Roque, a pesar de haber perseguido con la mirada a Regina desde que entró en la tienda, nunca la había tenido tan cerca y, en contra de lo que se había pronosticado, de cerca ganaba. Desde el primer momento se sintió cómodo junto a ella por lo solicita que se mostraba con él, tanto que soñó que Regina había descubierto en él, al único varón sobre la tierra.

Ella le describía su varón soñado y él, creyendo serlo, se internaron por entre los colgadores de la tienda, que a Roque se le antojaron pendones, grimpolas y gallardetes dándole la bienvenida a una segunda juventud.
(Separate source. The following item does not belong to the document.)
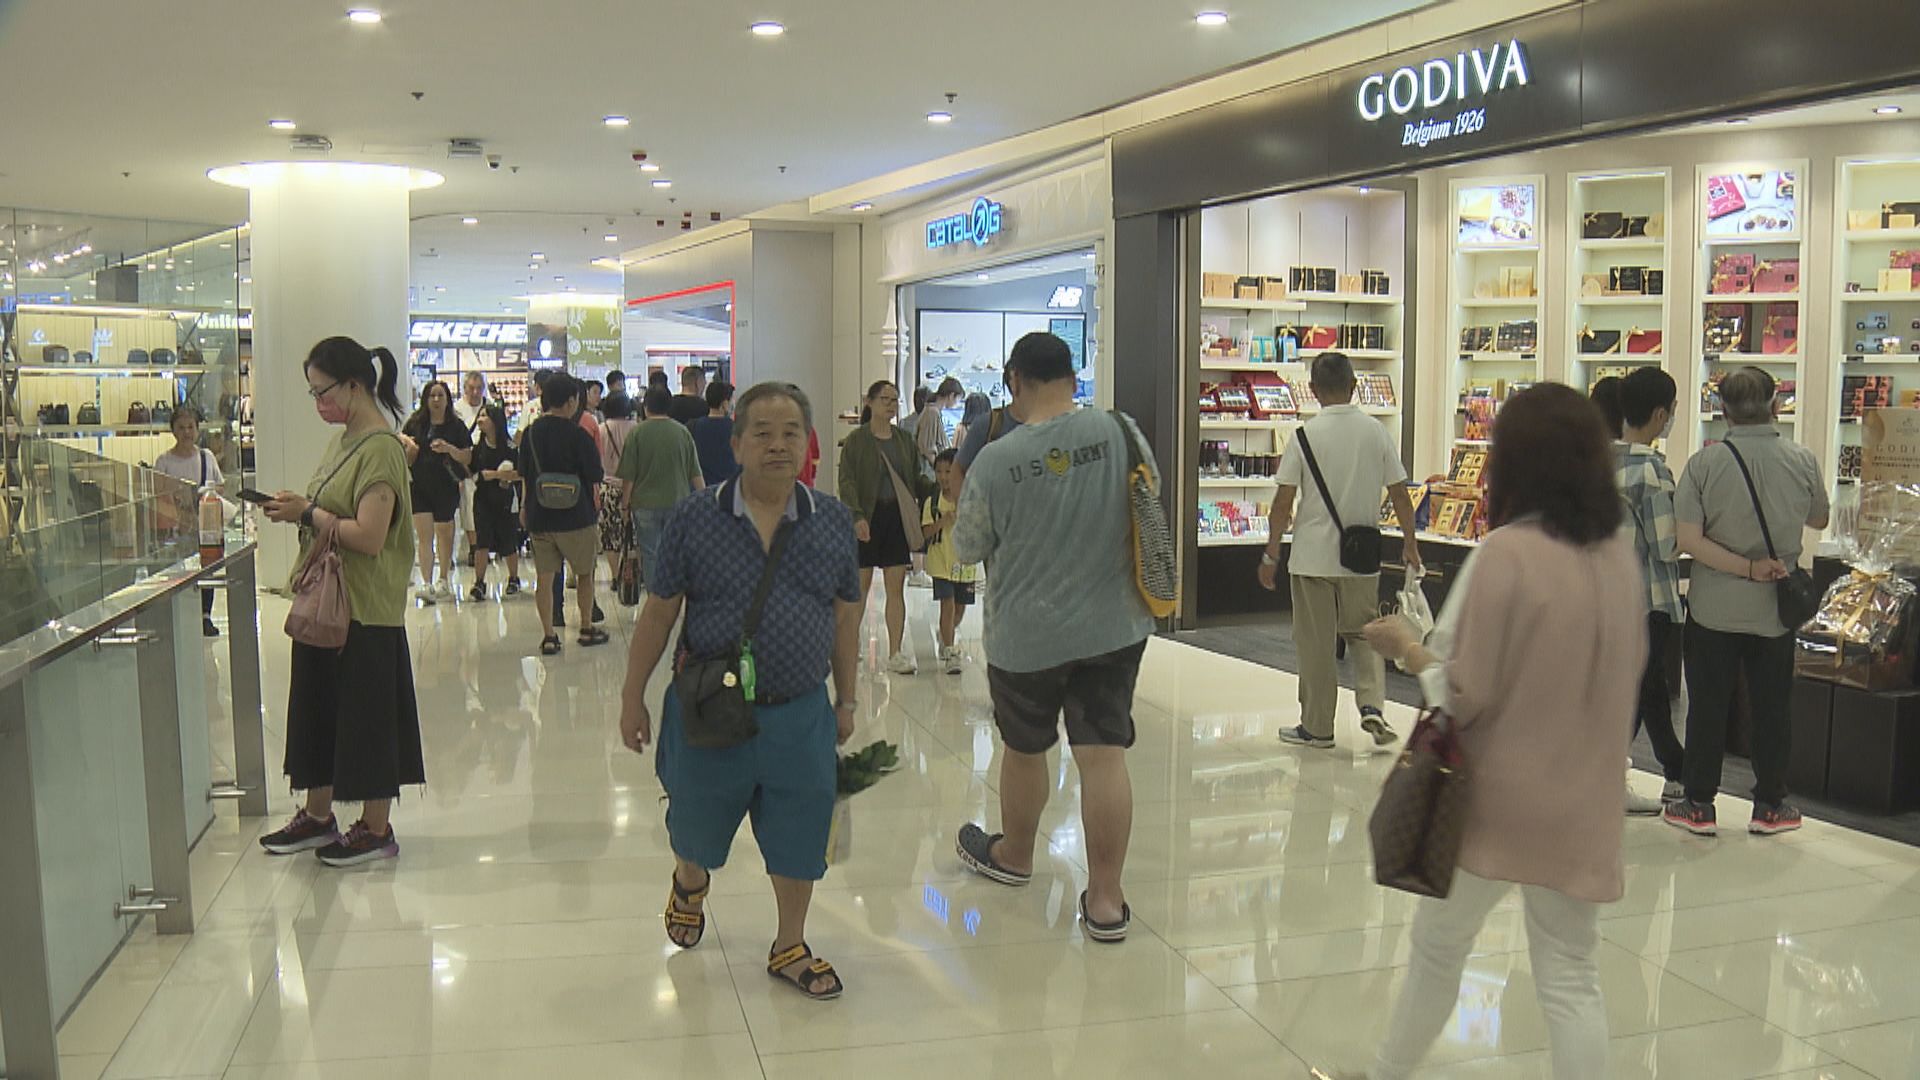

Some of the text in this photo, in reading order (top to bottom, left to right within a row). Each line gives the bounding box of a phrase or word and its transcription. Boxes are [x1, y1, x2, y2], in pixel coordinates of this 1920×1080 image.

[1357, 37, 1528, 121] GODIVA
[1401, 106, 1486, 148] Belgium 1926
[409, 321, 528, 343] SKECHE
Cuando media hora después, Guillermo vio salir a un Roque sonriente y  enfundado en unos pantalones de angosto  pitillo a la vez que cargaba con dos abultadas bolsas del establecimiento, se sintió orgulloso de su alumna Regina.

Pero al concluir la jornada, ella se le acercó y le dijo, a través de una perversa sonrisa:

—En el amor y la moda todo vale.

«Esta Regina aprende a la carrera, como me descuide me va a levantar el puesto», se barruntó Guillermo.